The majority’s apparent purpose for remanding is to see if there is a factual predicate for the majority to intervene to compel the grant of citizenship upon Azize. The majority opinion does not convince me that this Court has the power to confer citizenship on anyone. “[T]he power to make someone a citizen of the United States has not been conferred upon the federal courts, like mandamus or injunction, as one of their generally applicable equitable powers.... Rather, it has been given [to] them as a specific function to be performed in strict compliance with the terms of an authorizing statute which says that ‘[a] person may be naturalized ... in the manner and under the conditions prescribed in this subchapter, and not otherwise..’ 8 U.S.C. § 1421(d).” INS v. Pangilinan, 486 U.S. 875, 883-884, 108 S.Ct. 2210, 100 L.Ed.2d 882 (1988) (emphasis in original). Absent statutory authorization, there is no reason to believe that the federal courts have the power to grant citizenship — which is what the majority says is “potentially at stake” here.

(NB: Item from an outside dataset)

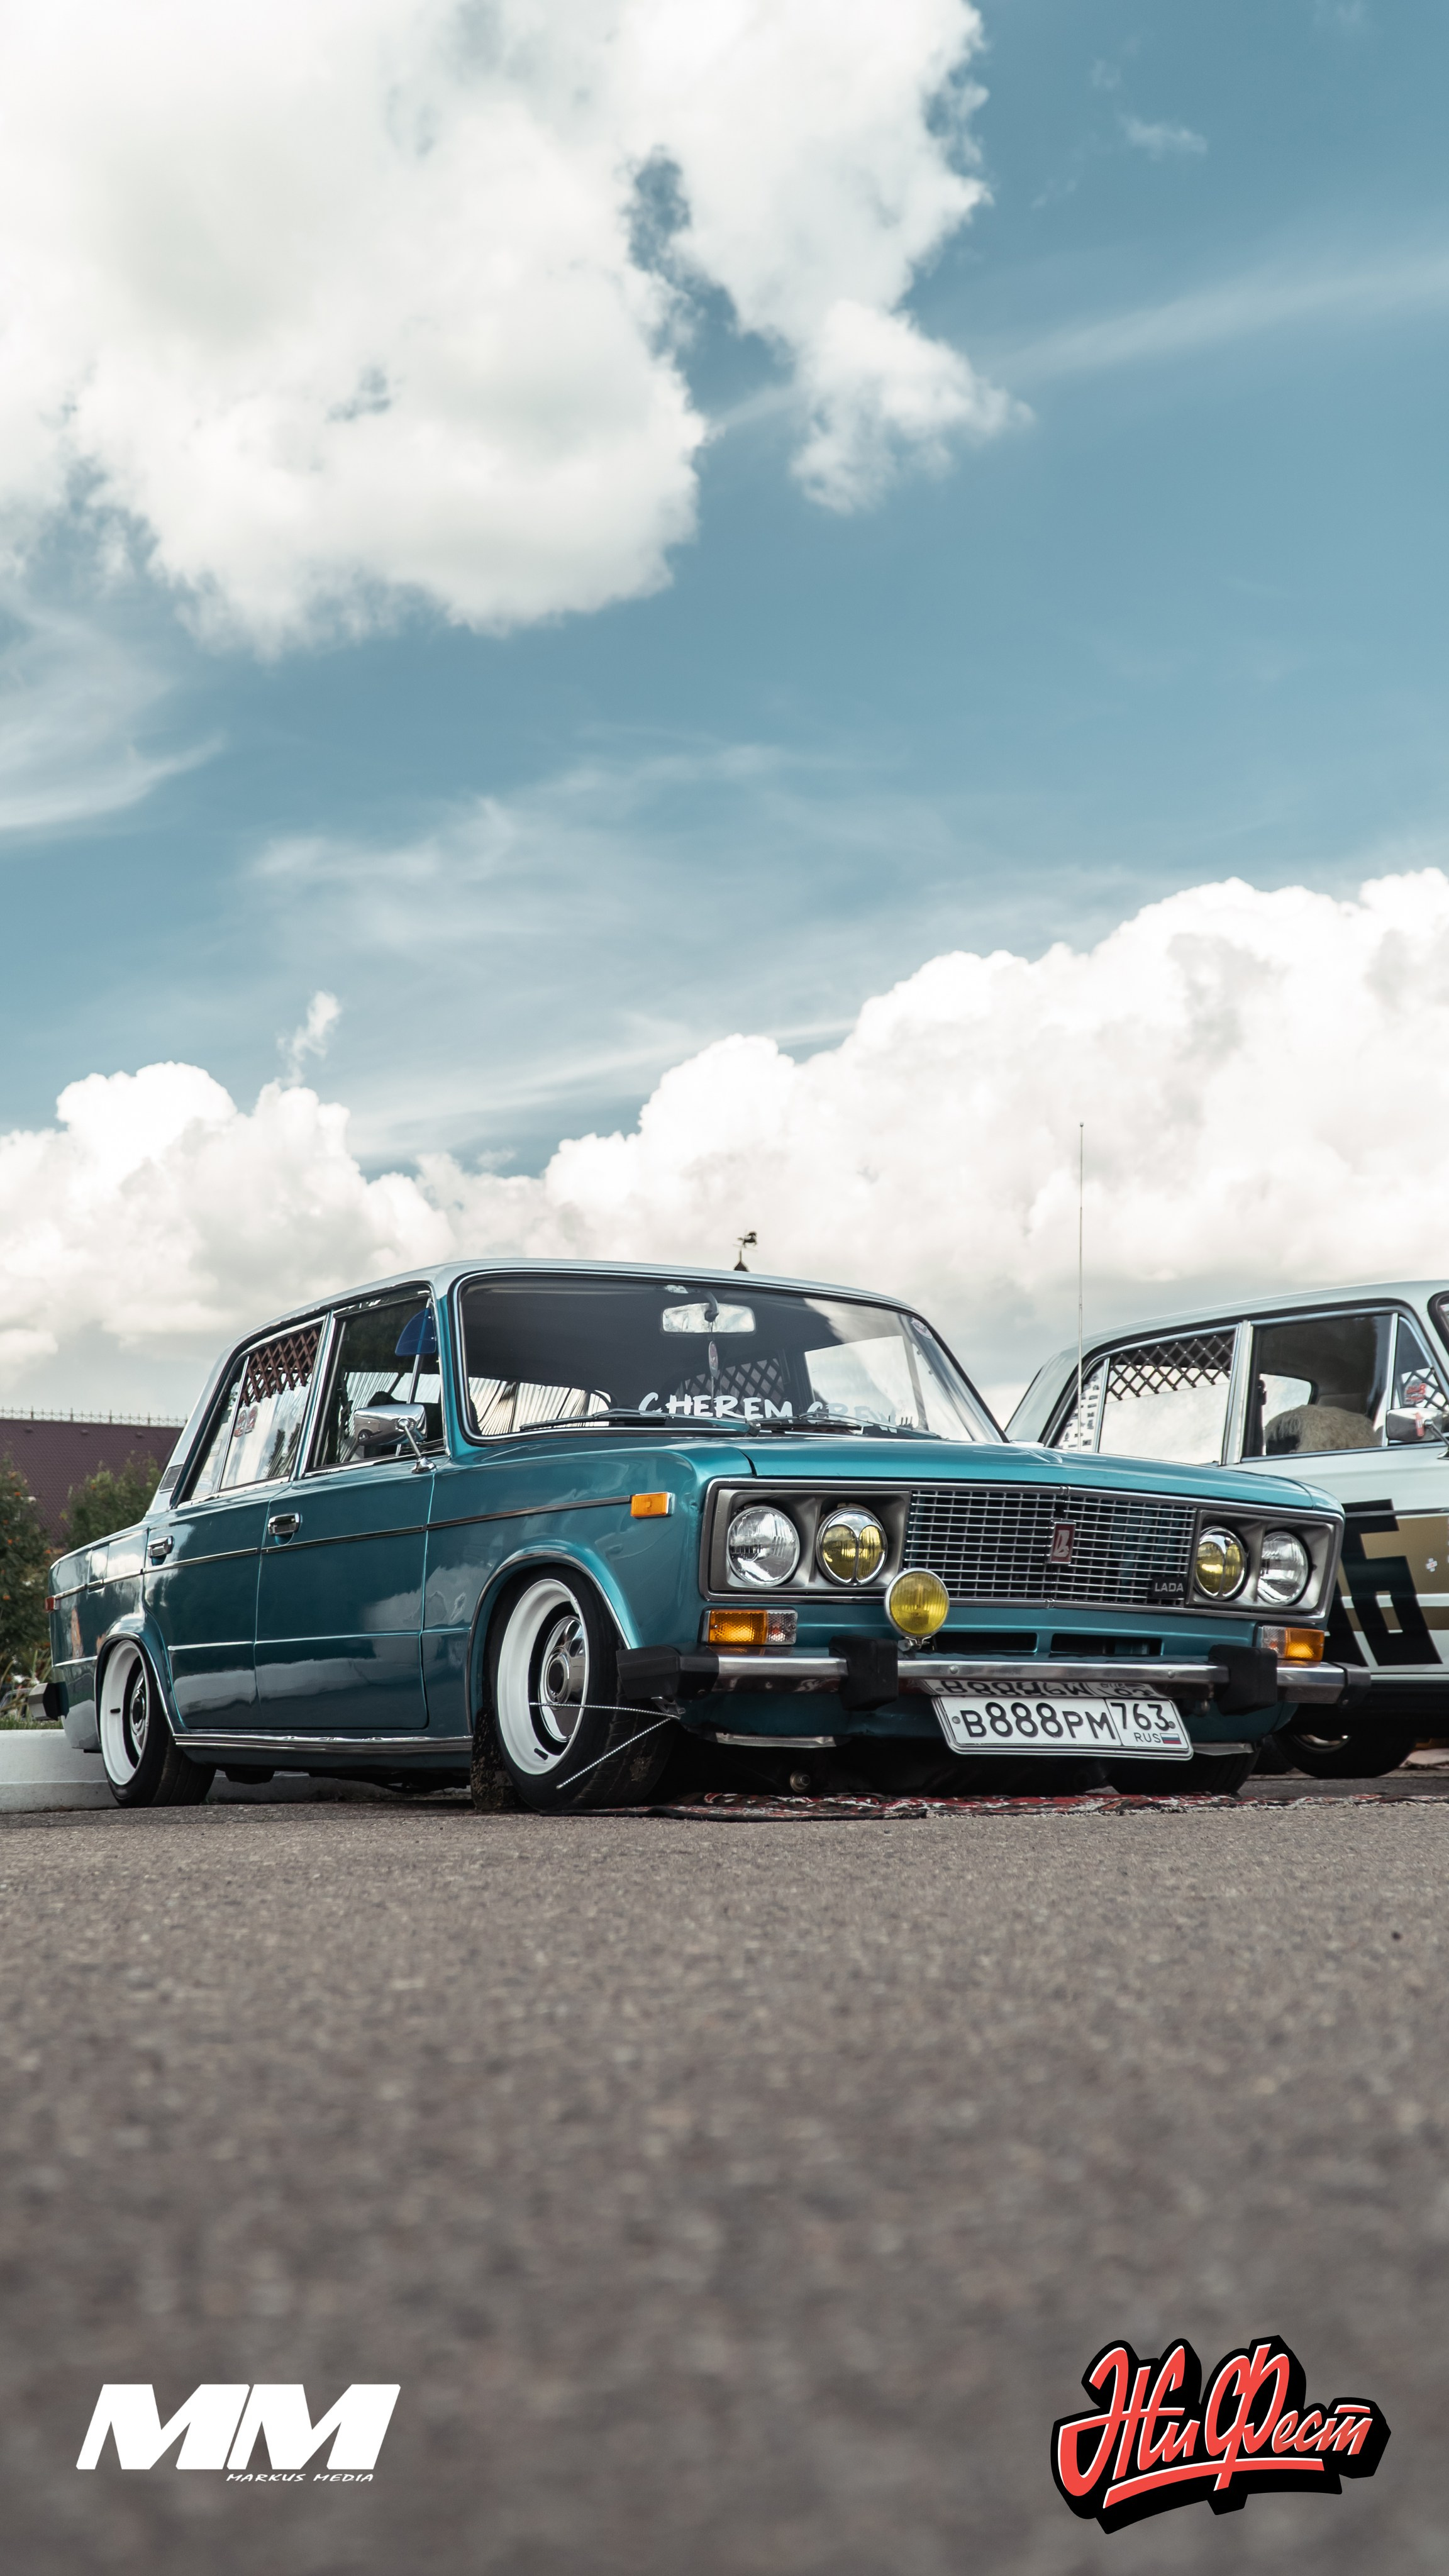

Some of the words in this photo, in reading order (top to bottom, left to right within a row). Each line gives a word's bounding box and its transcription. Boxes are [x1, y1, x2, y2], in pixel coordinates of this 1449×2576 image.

Finally, none of this would do Azize the slightest good unless citizenship is conferred upon him nunc pro tunc — that is, as of 1987, before the first of his serial convictions as a drug dealer. A great flaw in this approach is that the grant of relief nunc pro tunc is an equitable remedy. Edwards v. INS, 393 F.3d 299, 308 (2d Cir.2004); Iavorski v. INS, 232 F.3d 124, 130 n. 4 (2d Cir.2000). For several reasons, this is no case for the exercise of equity:

• Azize could have taken steps more than 20 years ago to pursue the relief that he now seeks nunc pro tunc.
• Azize did in fact commence a second citizenship proceeding, which he abandoned rather than satisfy the documentary burden placed upon him by law.
• Azize commenced an active career as a drug dealer more than a decade ago and persisted notwithstanding repeated convictions and incarcerations.
• The last offense for which he was convicted occurred while a removal order was pending, conduct that reflects a contempt for the laws of this country, *94and a fixed intent to continue his drug dealing career.
• To support the idea that Azize is no longer a dealer, the majority cites no better authority than Azize’s appellate brief, which characterizes Azize’s lengthy drug-dealing career “a dark period in his life.” But the bare assertion of counsel does not constitute record support.

These equitable considerations all militate against granting citizenship nunc pro tunc for the purpose of eliding the salient fact that Azize has been a drug dealer. For these reasons, I would deny Azize’s petition for review.